● **WHAT YOU WILL DO**:
Please copy the lines below, exactly as they are, from the one with "this 1288×966 image." through the one with "this 1500×1334 image.", and leave out the pictures.

● **RECORDS PROVIDED**:
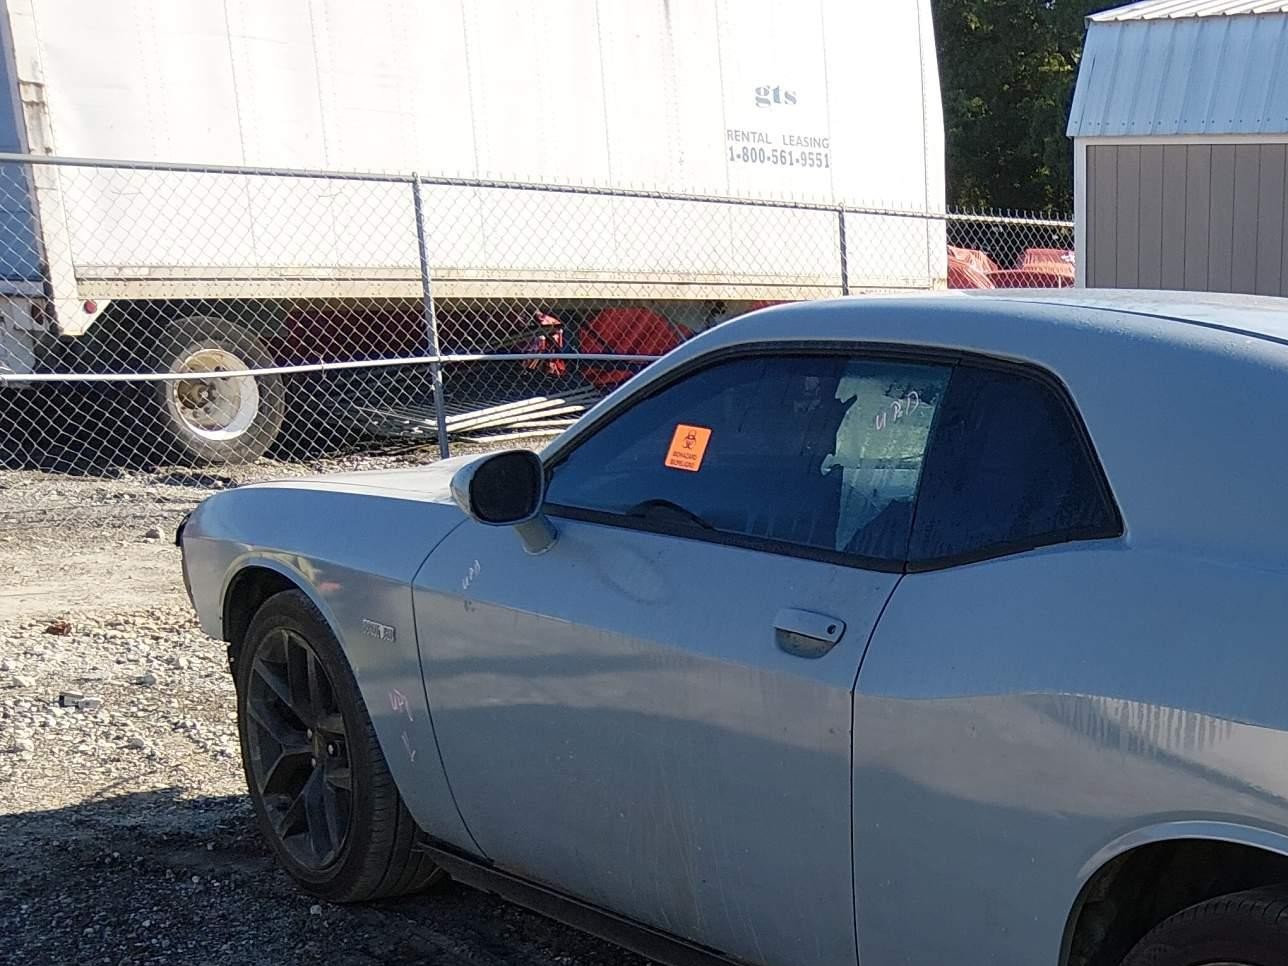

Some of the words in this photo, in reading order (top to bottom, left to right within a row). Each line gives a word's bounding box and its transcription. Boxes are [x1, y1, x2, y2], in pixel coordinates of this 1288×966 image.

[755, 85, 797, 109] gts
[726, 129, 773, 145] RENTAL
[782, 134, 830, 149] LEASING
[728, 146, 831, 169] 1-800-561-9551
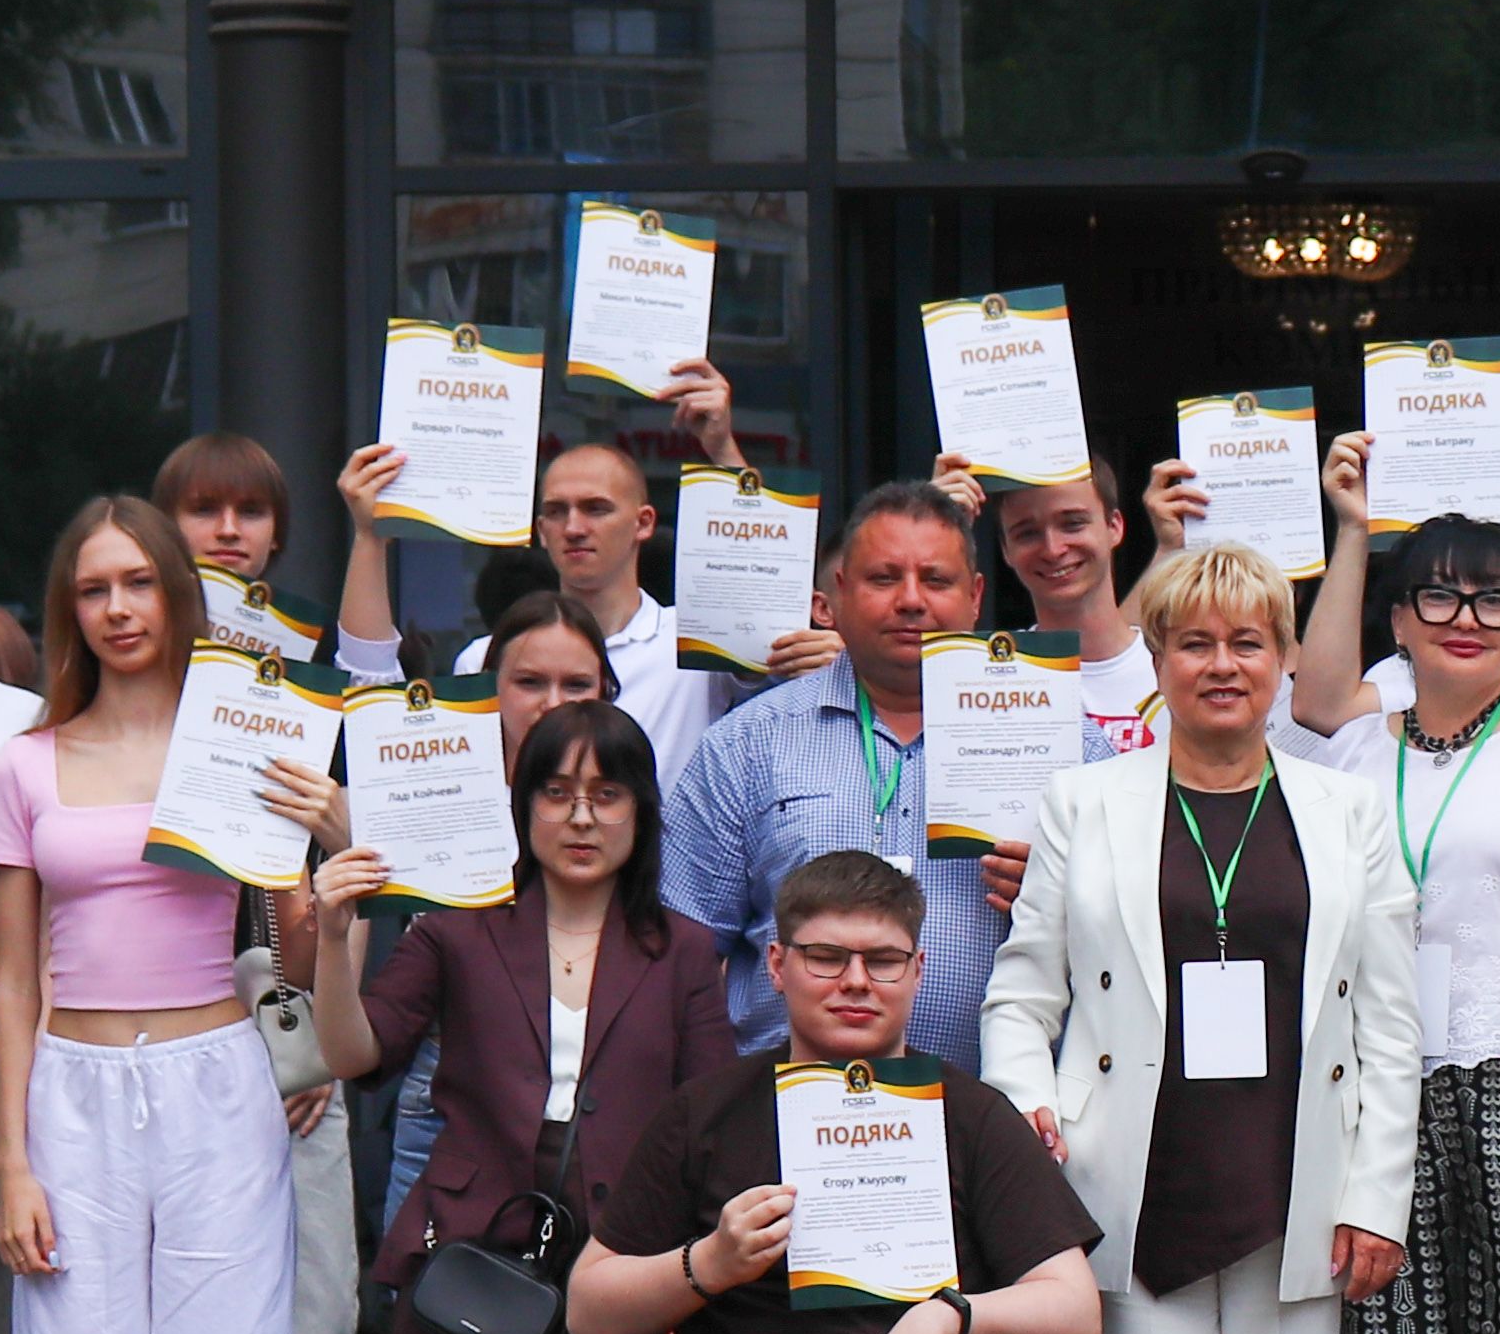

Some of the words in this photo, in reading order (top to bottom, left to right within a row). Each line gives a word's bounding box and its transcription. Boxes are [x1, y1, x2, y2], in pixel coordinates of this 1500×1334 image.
* * *
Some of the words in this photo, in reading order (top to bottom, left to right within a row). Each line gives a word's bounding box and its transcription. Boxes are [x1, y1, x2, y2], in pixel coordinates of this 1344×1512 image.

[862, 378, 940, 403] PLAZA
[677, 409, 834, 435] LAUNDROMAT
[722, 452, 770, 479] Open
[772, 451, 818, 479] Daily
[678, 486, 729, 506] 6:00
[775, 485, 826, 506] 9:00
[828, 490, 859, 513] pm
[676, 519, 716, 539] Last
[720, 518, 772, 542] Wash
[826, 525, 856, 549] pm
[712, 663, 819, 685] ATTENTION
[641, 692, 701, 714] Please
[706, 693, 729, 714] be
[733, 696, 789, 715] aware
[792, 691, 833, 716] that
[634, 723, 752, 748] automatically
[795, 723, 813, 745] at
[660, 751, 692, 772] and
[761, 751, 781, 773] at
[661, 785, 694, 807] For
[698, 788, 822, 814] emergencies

● **RESPONSE AREA**:
Some of the words in this photo, in reading order (top to bottom, left to right within a row). Each line gives a word's bounding box and its transcription. Boxes are [x1, y1, x2, y2], in pixel coordinates of this 1288×966 image.

[755, 85, 797, 109] gts
[726, 129, 773, 145] RENTAL
[782, 134, 830, 149] LEASING
[728, 146, 831, 169] 1-800-561-9551

Some of the words in this photo, in reading order (top to bottom, left to right within a row). Each line gives a word's bounding box and its transcription. Boxes are [x1, y1, x2, y2], in pixel coordinates of this 1500×1334 image.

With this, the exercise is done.